Anche gli accessori entrano nella visione Bridal

L’apertura internazionale passa anche dagli accessori, sempre più importanti nel completamento dell’intero Bridal Look.

Atelier Benedetta realizza, infatti, veli ricamati a filo, cinture e accessori per capelli pensati per dare quel tocco in più all’’abito.

Abiti da sposa su misura: da modelli couture all’upcycling

Il cuore dell’atelier resta il “su misura” che per Benedetta Passalacqua, non significa soltanto creare. Significa anche trasformare.

Un abito da sposa può nascere completamente da zero, attraverso un percorso couture costruito intorno alla donna che lo indosserà.

Ma tra i nuovi servizi proposti dall’atelier c’è anche il restyling dell’abito da sposa: quello della mamma, quello della nonna, una creazione già presente nell’armadio che conserva un valore affettivo e che può essere completamente rivoluzionata.

L’upcycling diventa così una possibilità creativa e una scelta consapevole.

Riutilizzare un tessuto, salvare un dettaglio, modificare una silhouette significa dare una nuova vita a qualcosa che esiste già, senza rinunciare all’emozione legata alla sua storia.

È un approccio che racconta bene l’evoluzione di Atelier Benedetta: non è soltanto un luogo in cui si disegna e realizza un abito nuovo, ma anche quello in cui si può ripensare ciò che già si possiede in un’ottica eco-friendly ed emotiva.

Gli abiti da cerimonia firmati Atelier Benedetta

Lo stesso sapere sartoriale si estende alla moda cerimonia, con creazioni pensate per accompagnare occasioni diverse dal matrimonio.

Anche qui il punto di partenza è la persona: proporzioni, desideri, stile e possibilità di riutilizzo diventano elementi della progettazione.

Un abito può essere pensato per una specifica occasione, ma anche costruito attraverso elementi componibili che ne ampliano l’utilizzo per più situazioni.

Perché la moda cerimonia, proprio come quella Bridal, oggi chiede abiti capaci di adattarsi alla vita reale e alle sue infinite sfaccettature.

La sartoria dell’Atelier Benedetta apre le sue porte: il corso per diventare designer

Atelier Benedetta è anche un luogo in cui il sapere viene trasmesso con cura e passione.

Dopo il successo della prima edizione, da ottobre torna il corso per designer di Benedetta Passalacqua che mette le proprie competenze a disposizione di chi desidera avvicinarsi al mondo della sartoria e della progettazione moda.

Il corso nasce per un gruppo ristretto, circa quattro persone, così da permettere alla designer di seguire personalmente ogni partecipante.

Le lezioni si svolgono il lunedì pomeriggio o il sabato mattina e sono pensate non soltanto per chi vuole trasformare questa esperienza in una professione, ma anche per chi desidera dedicare tempo a una passione, imparare a costruire un capo e sperimentare la possibilità di personalizzarlo.

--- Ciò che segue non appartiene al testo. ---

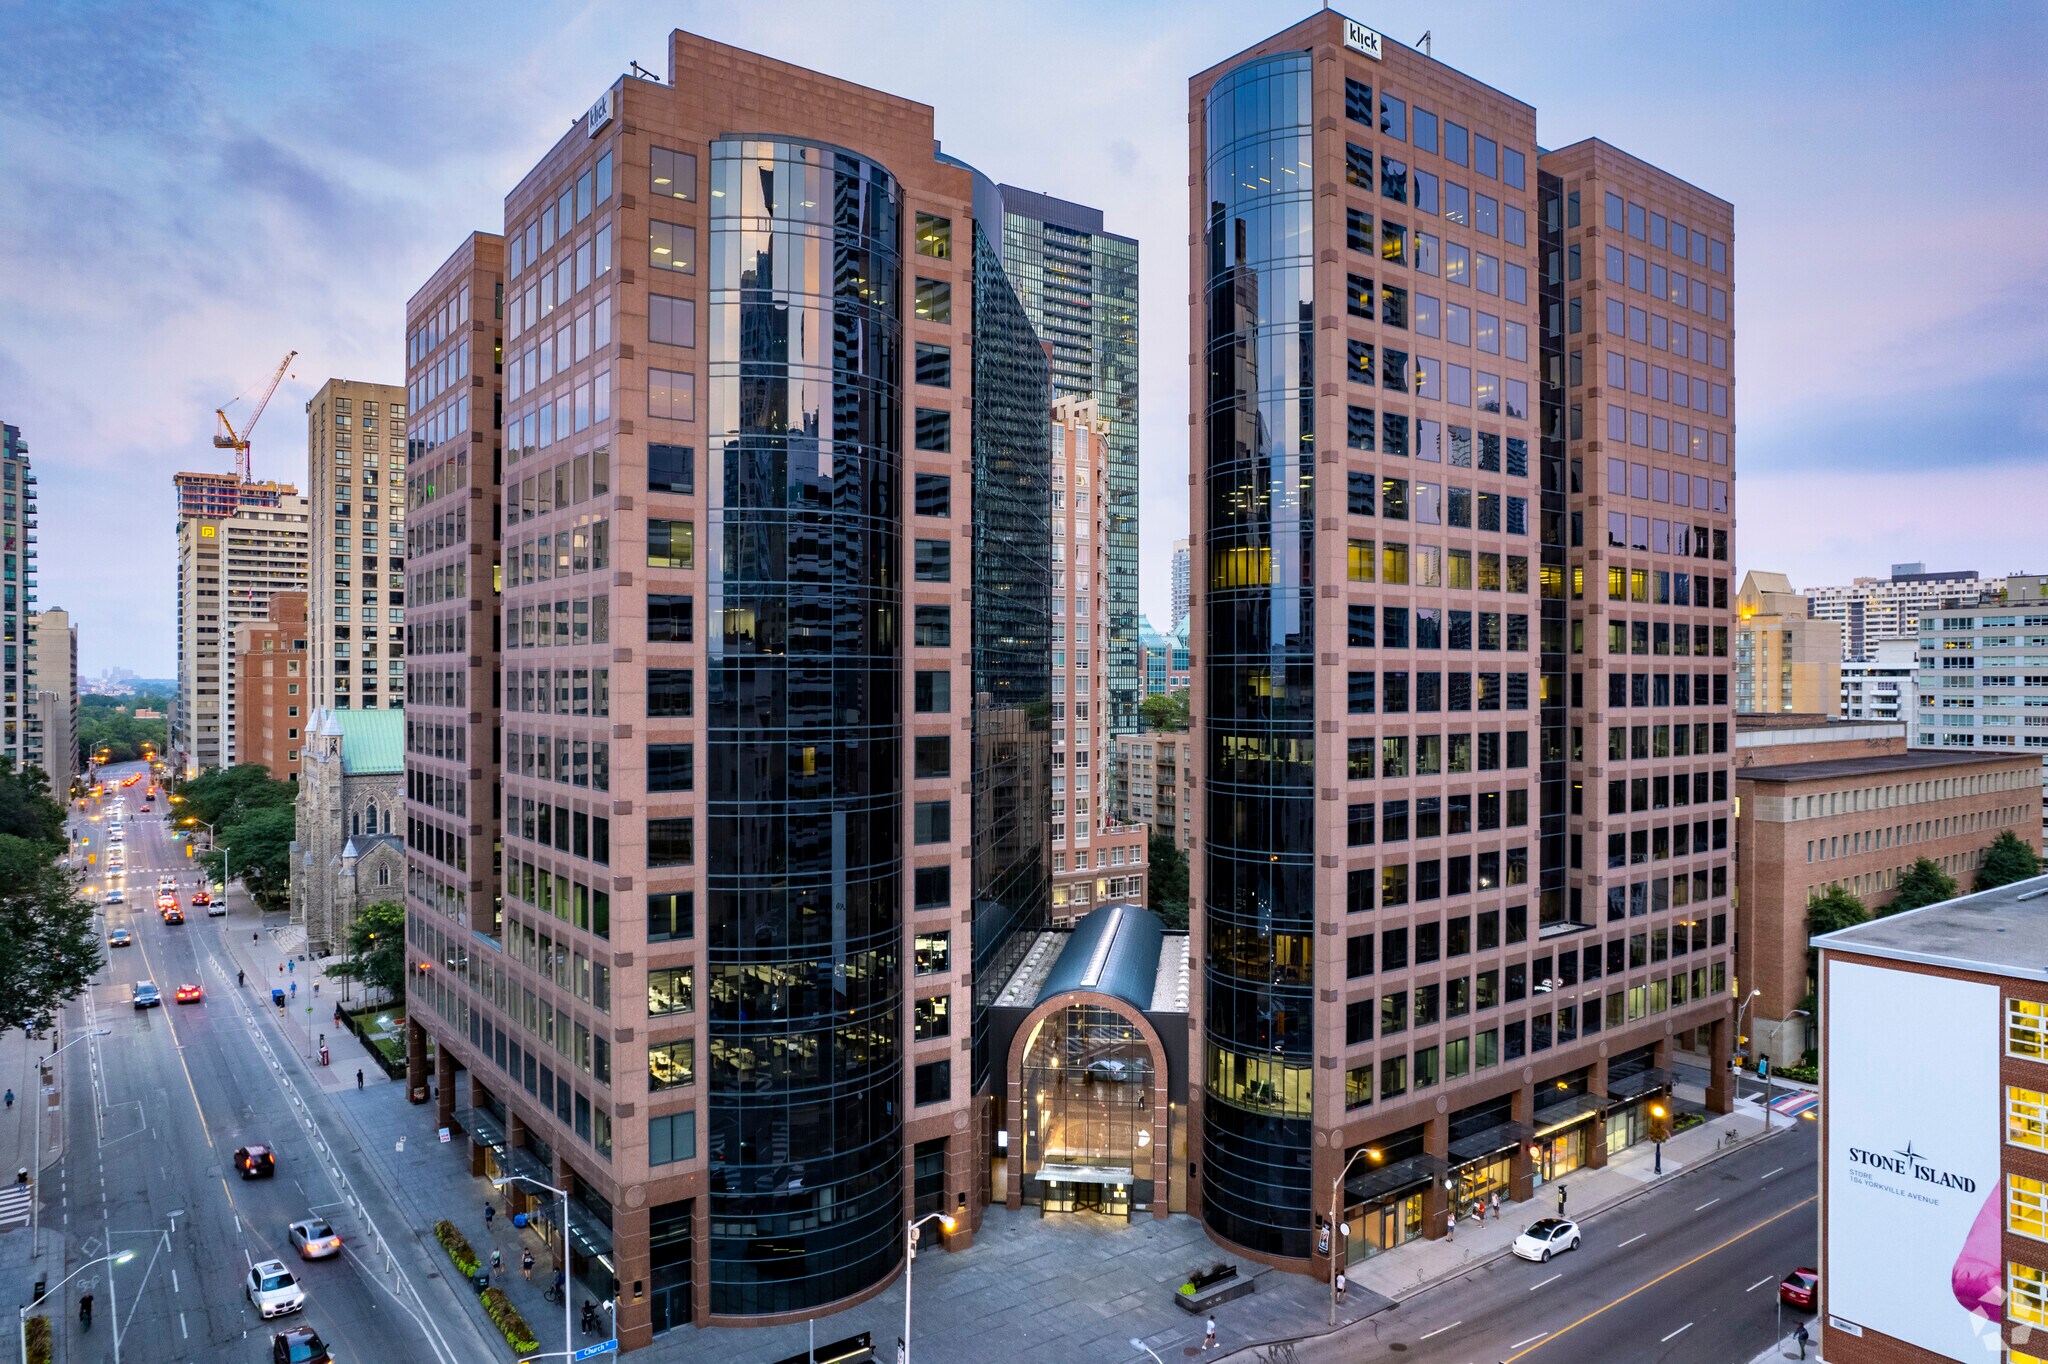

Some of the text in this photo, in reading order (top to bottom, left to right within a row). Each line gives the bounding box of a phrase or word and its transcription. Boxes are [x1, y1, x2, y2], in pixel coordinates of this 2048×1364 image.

[1350, 23, 1378, 51] klick
[590, 97, 607, 128] klick
[1849, 1147, 1976, 1194] STONE ISLAND
[1849, 1169, 1873, 1180] STORE
[1850, 1176, 1940, 1206] 104 YORKVILLE AVENUE
[584, 1345, 605, 1356] Church

Le iscrizioni sono già aperte.

Alma: la collezione sposa di Atelier Benedetta 2027

Si chiama Alma la collezione sposa 2027 firmata Atelier Benedetta.

Il nome – letteralmente, Anima – è una dichiarazione di intenti: racconta la parte più intima del lavoro della designer che mette al centro la donna, sottraendo all’abito ciò che non serve per lasciare emergere la sua personalità.

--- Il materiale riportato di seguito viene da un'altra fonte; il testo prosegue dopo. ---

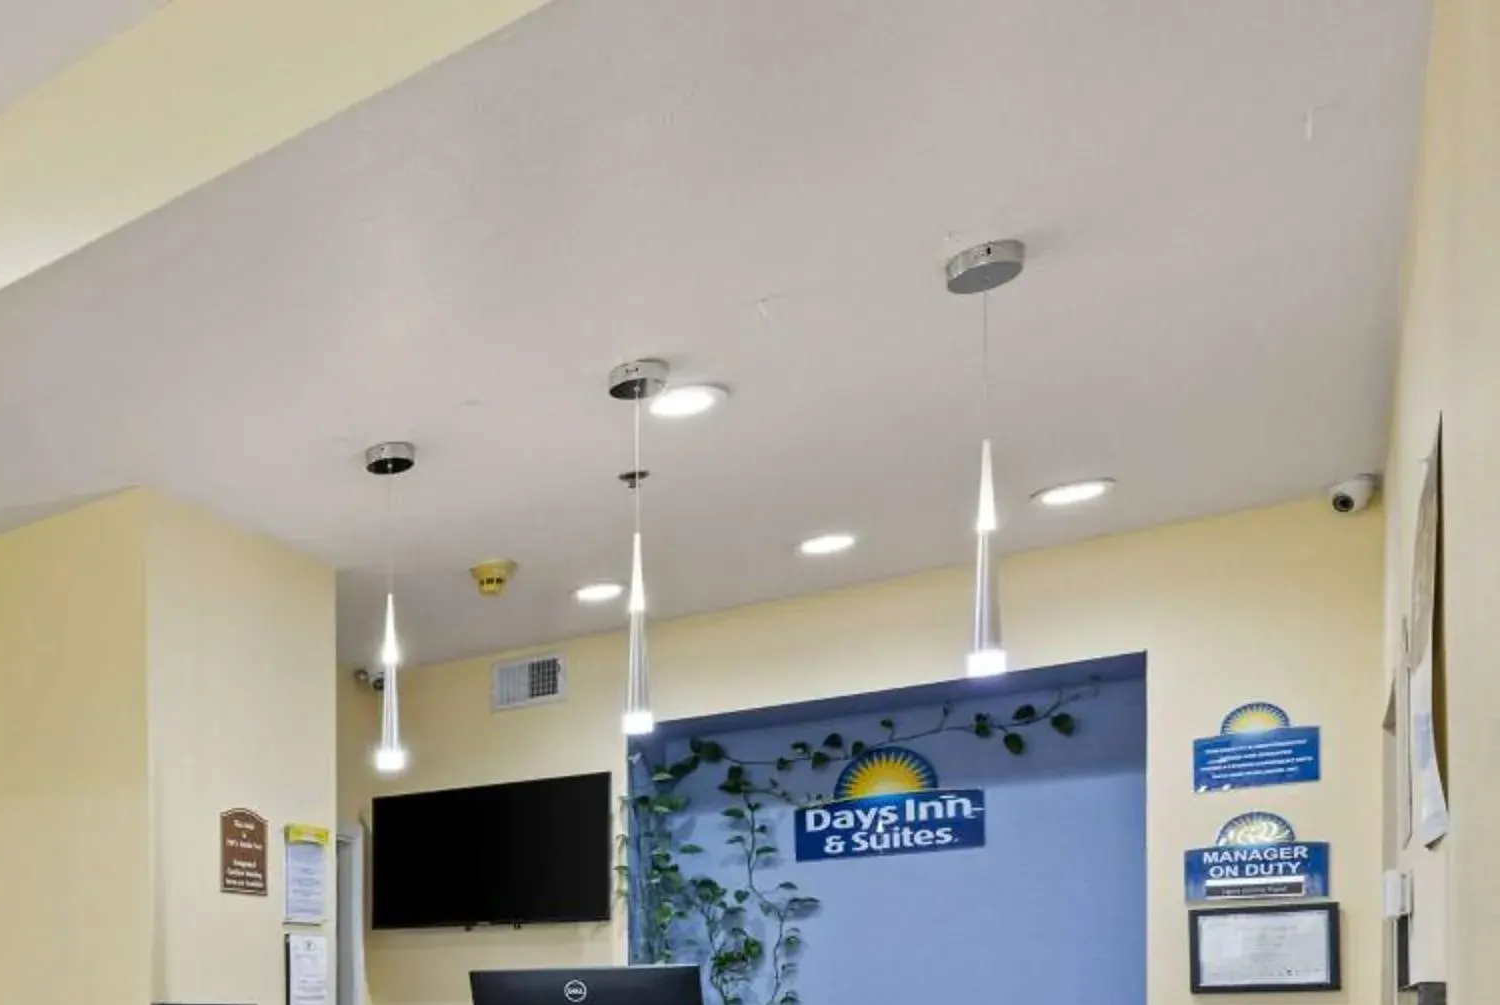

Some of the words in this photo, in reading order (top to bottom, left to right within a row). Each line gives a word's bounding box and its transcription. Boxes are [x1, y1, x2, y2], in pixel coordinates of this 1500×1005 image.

[805, 804, 899, 833] Days
[905, 796, 973, 822] Inn
[823, 834, 846, 854] &
[851, 826, 953, 851] Suites
[1203, 845, 1309, 864] MANAGER
[1209, 864, 1239, 878] ON
[1245, 861, 1301, 877] DUTY

Sete, pizzi francesi, organza ricamata e architetture leggere costruiscono una collezione che mantiene il legame con la sartorialità, ma rompe alcuni dei codici più prevedibili della sposa tradizionale.

La scelta più netta è forse quella di eliminare completamente il velo.

Al suo posto arriva un accessorio inatteso e deciso: il cappello nero, arricchito da piume che evocano atmosfere retrò e costruiscono un contrasto volutamente forte con l’immaginario nuziale più classico.

E poi ci sono fiori tridimensionali in organza, guanti ricercati e dettagli capaci di trasformare l’abito e giocare con lo styling.

Accanto alle creazioni più strutturate trovano spazio anche soluzioni pensate per il Party Dress, con pizzo e organza ricamata a interpretare una sposa che non vuole necessariamente separare il momento della cerimonia da quello della festa.

Alma 2027 racconta così, con il linguaggio della moda, l’evoluzione di Atelier Benedetta senza tradirne però le origini.

Un laboratorio dove l’amore per i materiali incontra quello per le persone e dove l’arte couture diventa uno strumento per creare, trasformare e, perché no, imparare.